Current dataframe is as follows:
df = pd.read_csv('filename.csv', delimiter=',')
print(df)
idx uniqueID String CaseType
0 1 'hello1' 1.0
1 1 'hello2' 1.0
2 1 'goodbye1' 1.0
3 1 'goodbye2' 1.0
4 2 'hello1' 3.0
5 2 'hello2' 3.0
6 2 'hello3' 3.0
7 3 'goodbye1' 1.0
8 3 'goodbye2' 1.0
9 3 'goodbye3' 1.0
10 4 'hello' 2.0
11 4 'goodbye' 2.0
Expected Output: (Please note they are grouped based on uniqueID, and the case Type follows the last string of the uniqueID.)
idx Source Destination
0 'hello1' 'hello2'
1 'hello2' 'goodbye1'
3 'goodbye1' 'goodbye2'
4 'goodbye2' '1.0'
6 'hello1' 'hello2'
7 'hello2' 'hello3'
8 'hello3' '3.0'
10 'goodbye1' 'goodbye2'
11 'goodbye2' 'goodbye3'
12 'goodbye3' '1.0'
13 'hello' 'goodbye'
14 'goodbye' '2.0'
Question: How do I transform the pandas dataframe in this way?
Currently, I am iterating through every row in a for loop, and for each uniqueId, adding each string CaseType (at the end) to a list, then splitting up that list and adding it to a new dataframe. It is incredibly slow.

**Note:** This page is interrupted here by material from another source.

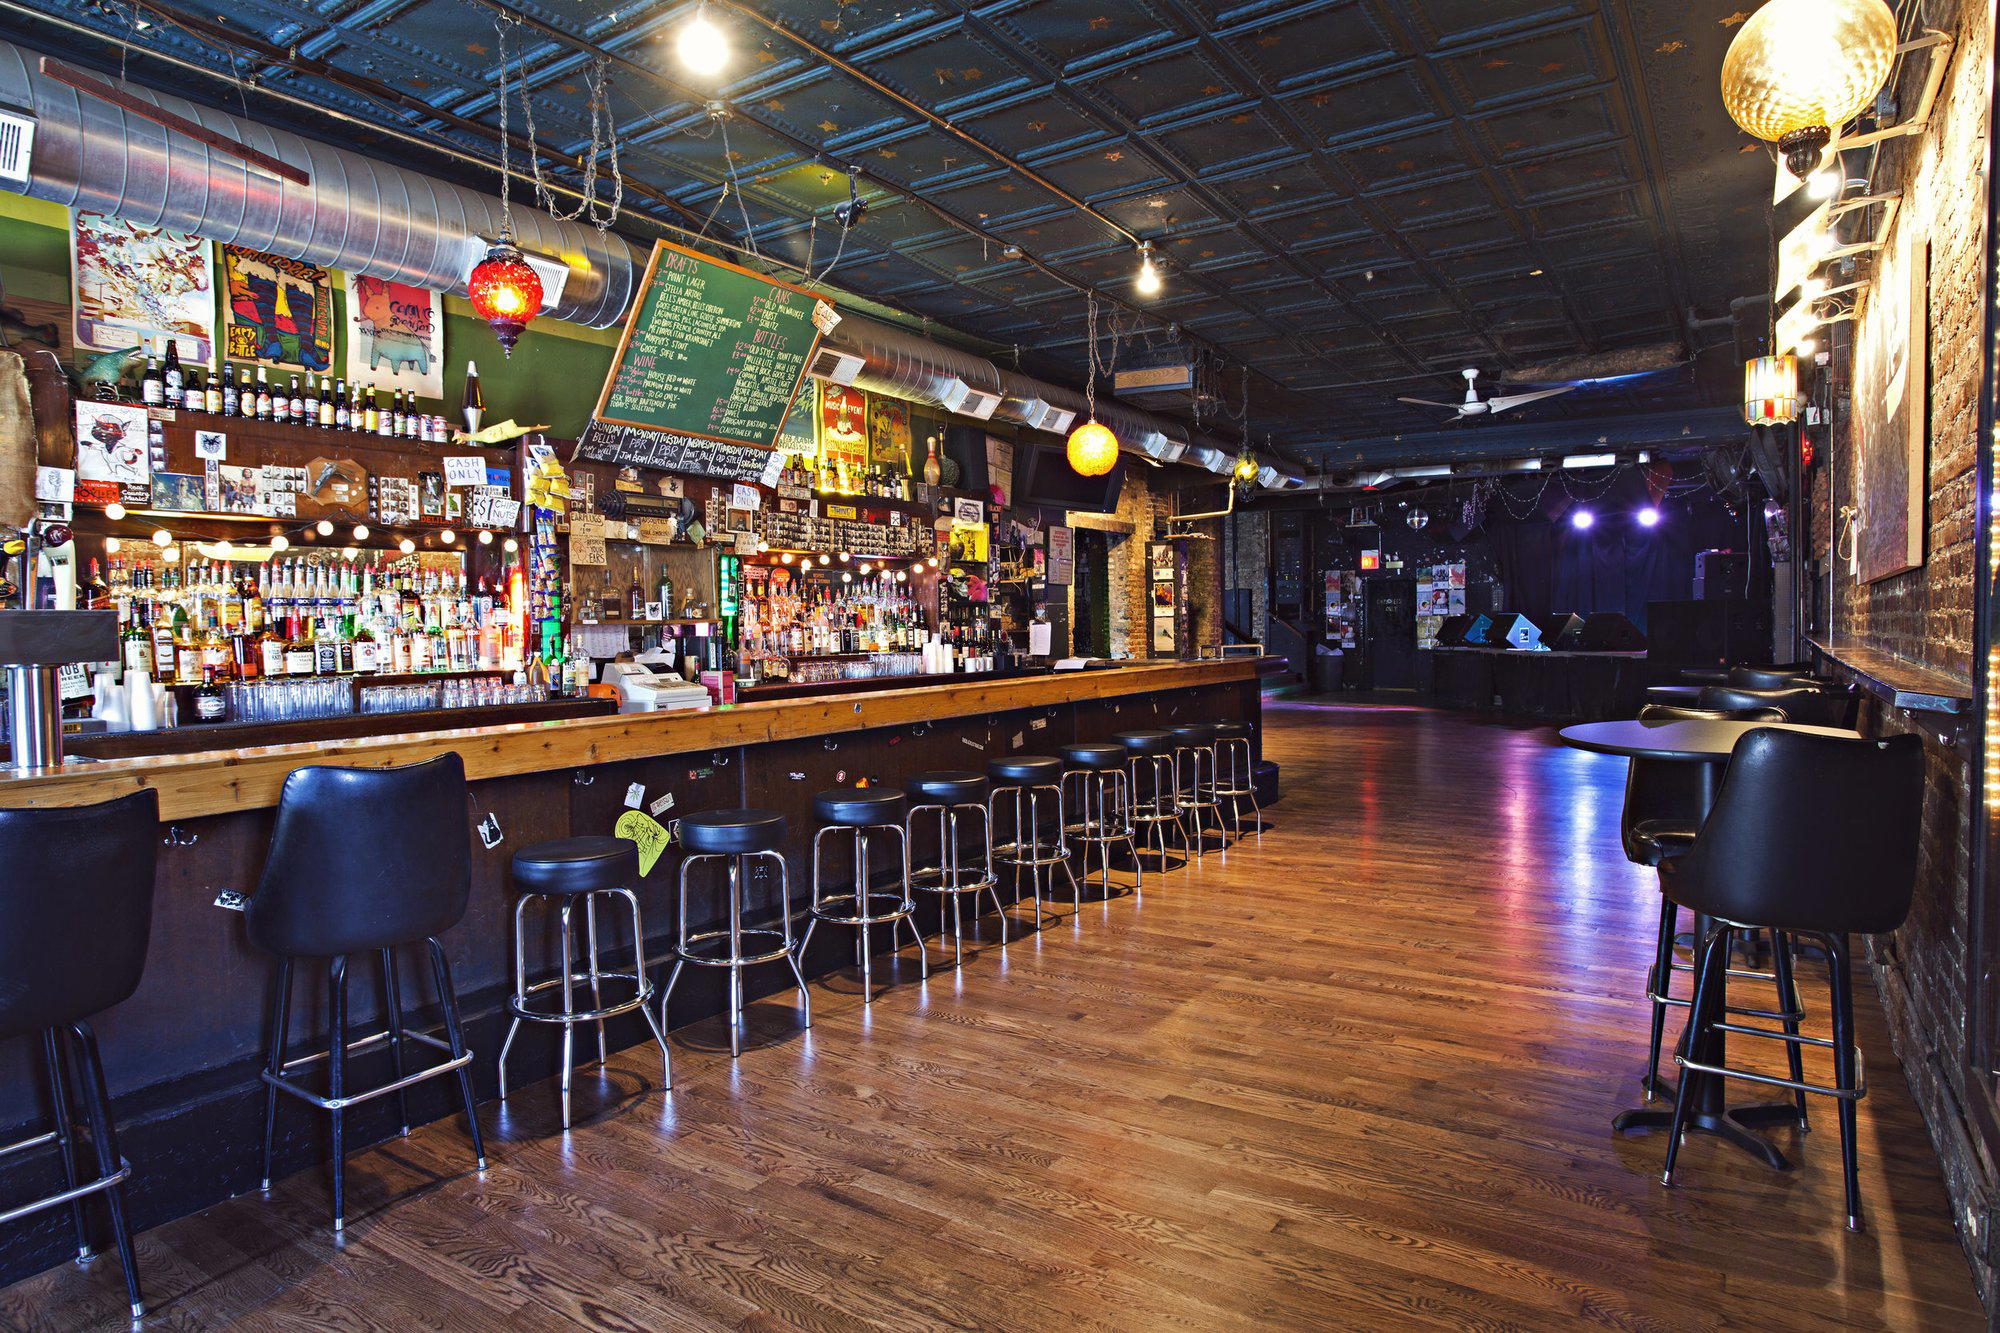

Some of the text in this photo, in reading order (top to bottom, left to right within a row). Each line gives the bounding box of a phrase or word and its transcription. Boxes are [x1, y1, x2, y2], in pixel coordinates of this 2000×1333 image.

Following this, the next step is to get the total counts/occurences for each row of the output. Essentially, if there are duplicate rows of source:destination (ie, we have 3 rows of 'hello' 'goodbye', it would result in 1 row with 'hello' 'goodbye' with their count as the 3rd column)
Example:
Original:
idx Source Destination
0 'hello1' 'hello2'
1 'hello2' 'hello3'
2 'hello1' 'hello2'
3 'hello4' 'goodbye'
Expected Output:
idx Source Destination Count
0 'hello1' 'hello2' 2
1 'hello2' 'hello3' 1
2 'hello4' 'goodbye' 1
I presume the first step is slightly more complex with pandas logic, and the next step is essentially just combining duplicates and getting their count, but I am new to pandas and not entirely sure how to do either. Thank you in advance.

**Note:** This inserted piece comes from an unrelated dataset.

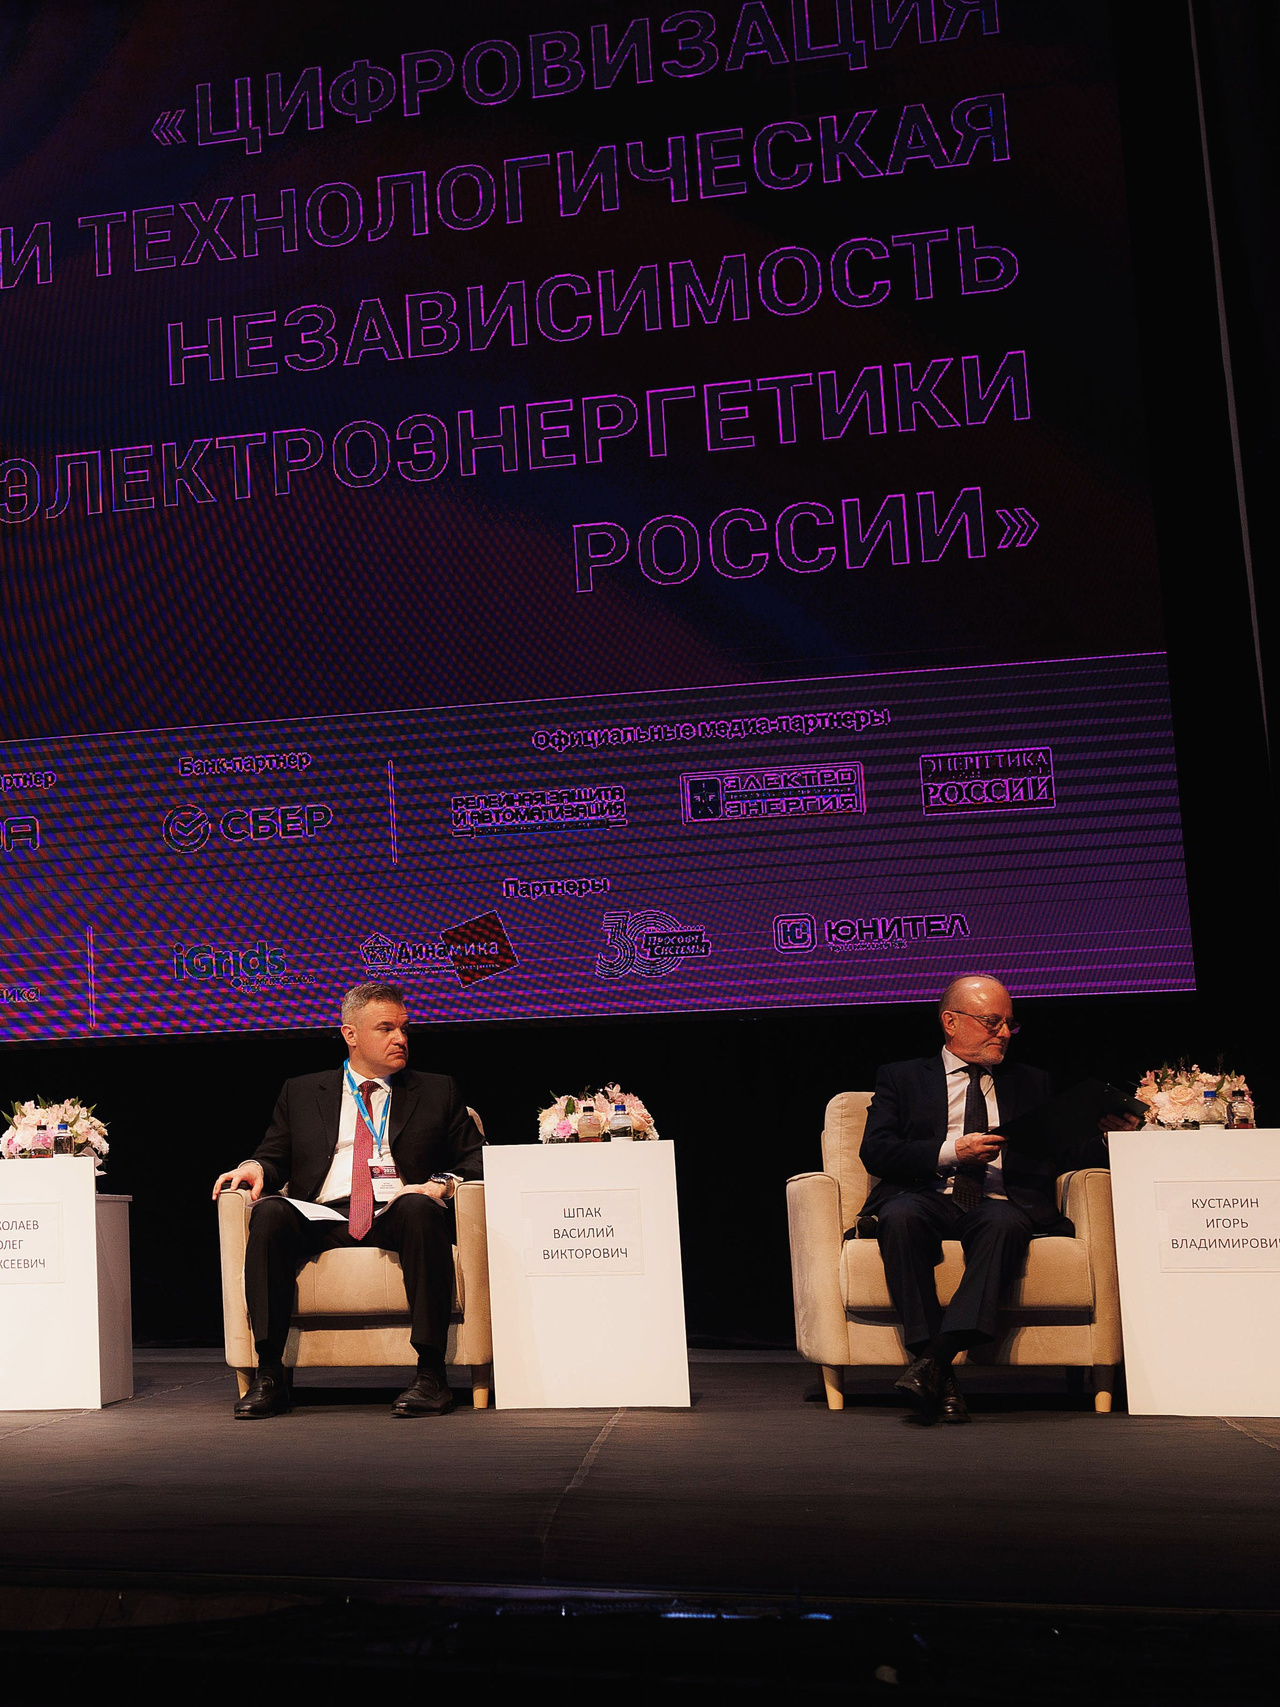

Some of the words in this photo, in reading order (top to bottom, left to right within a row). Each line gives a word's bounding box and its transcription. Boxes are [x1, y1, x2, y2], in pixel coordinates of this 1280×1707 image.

CodePudding user response:
df = pd.DataFrame({'idx': [0, 1, 2, 3, 4, 5, 6, 7, 8, 9, 10, 11], 'uniqueID': [1, 1, 1, 1, 2, 2, 2, 3, 3, 3, 4, 4],
'String': ["'hello1'", "'hello2'", "'goodbye1'", "'goodbye2'", "'hello1'", "'hello2'", "'hello3'",
"'goodbye1'", "'goodbye2'", "'goodbye3'", "'hello'", "'goodbye'"],
'CaseType': [1.0, 1.0, 1.0, 1.0, 3.0, 3.0, 3.0, 1.0, 1.0, 1.0, 2.0, 2.0]}).set_index('idx')

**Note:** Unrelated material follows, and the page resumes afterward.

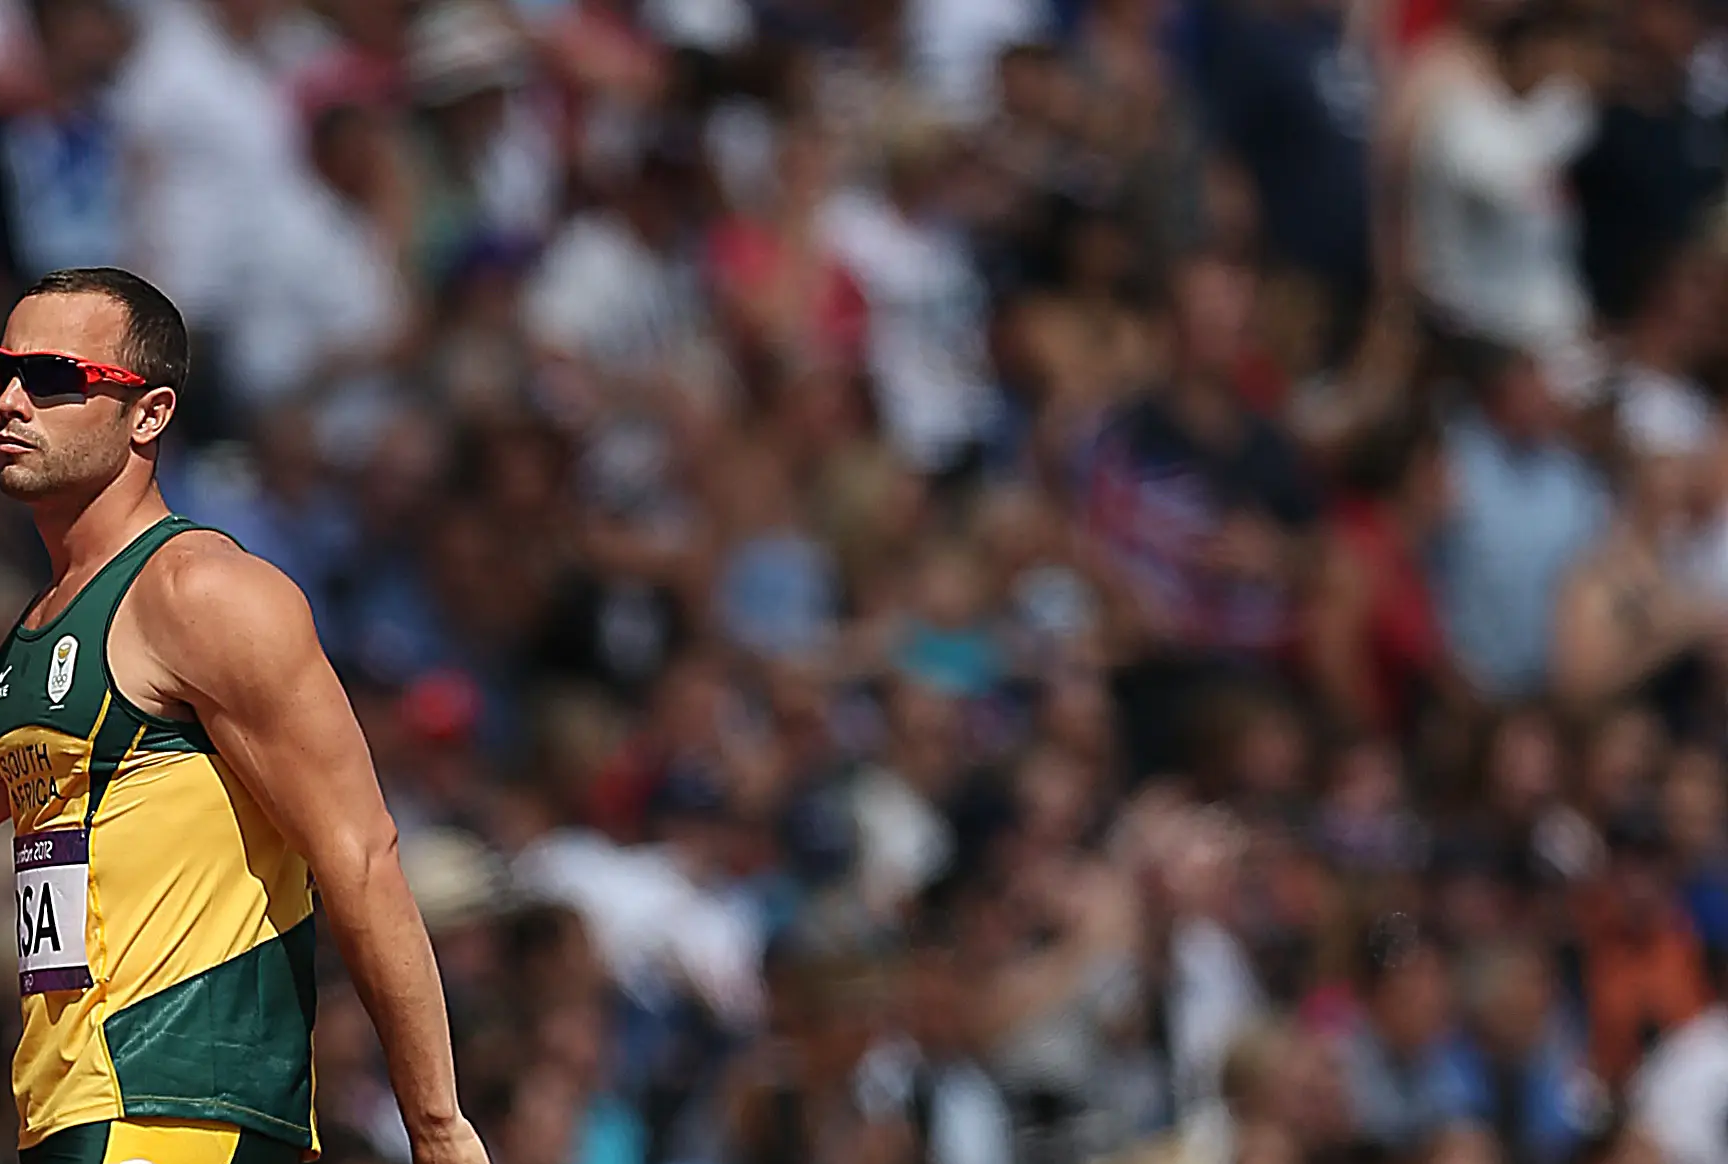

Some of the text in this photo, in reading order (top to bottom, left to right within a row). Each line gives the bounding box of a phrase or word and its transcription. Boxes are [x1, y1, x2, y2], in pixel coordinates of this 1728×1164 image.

[0, 743, 53, 782] SOUTH
[11, 776, 61, 811] AFRICA
[34, 840, 53, 861] 2012

df = df.groupby('uniqueID').apply(
lambda x: pd.DataFrame({'Source': x.String, 'Destination': x.String.shift(-1, fill_value=f'\'{x.CaseType.iloc[0]}\'')}))
print(df)
Source Destination
idx
0 'hello1' 'hello2'
1 'hello2' 'goodbye1'
2 'goodbye1' 'goodbye2'
3 'goodbye2' '1.0'
4 'hello1' 'hello2'
5 'hello2' 'hello3'
6 'hello3' '3.0'
7 'goodbye1' 'goodbye2'
8 'goodbye2' 'goodbye3'
9 'goodbye3' '1.0'
10 'hello' 'goodbye'
11 'goodbye' '2.0'
CodePudding user response:
You could try the following:
df_res = df[["String"]].rename(columns={"String": "Source"})
df_res["Destination"] = (
df.groupby("uniqueID")["String"].transform("shift", -1)
.fillna(df["CaseType"])
.astype("str")
)
Result for your sample is:
Source Destination
0 hello1 hello2
1 hello2 goodbye1
2 goodbye1 goodbye2
3 goodbye2 1.0
4 hello1 hello2
5 hello2 hello3
6 hello3 3.0
7 goodbye1 goodbye2
8 goodbye2 goodbye3
9 goodbye3 1.0
10 hello goodbye
11 goodbye 2.0
Regarding the second part: Try
counts = df_res.value_counts(["Source", "Destination"])
to get
Source Destination
goodbye1 goodbye2 2
hello1 hello2 2
goodbye 2.0 1
goodbye2 1.0 1
goodbye3 1
goodbye3 1.0 1
hello goodbye 1
hello2 goodbye1 1
hello3 1
hello3 3.0 1
dtype: int64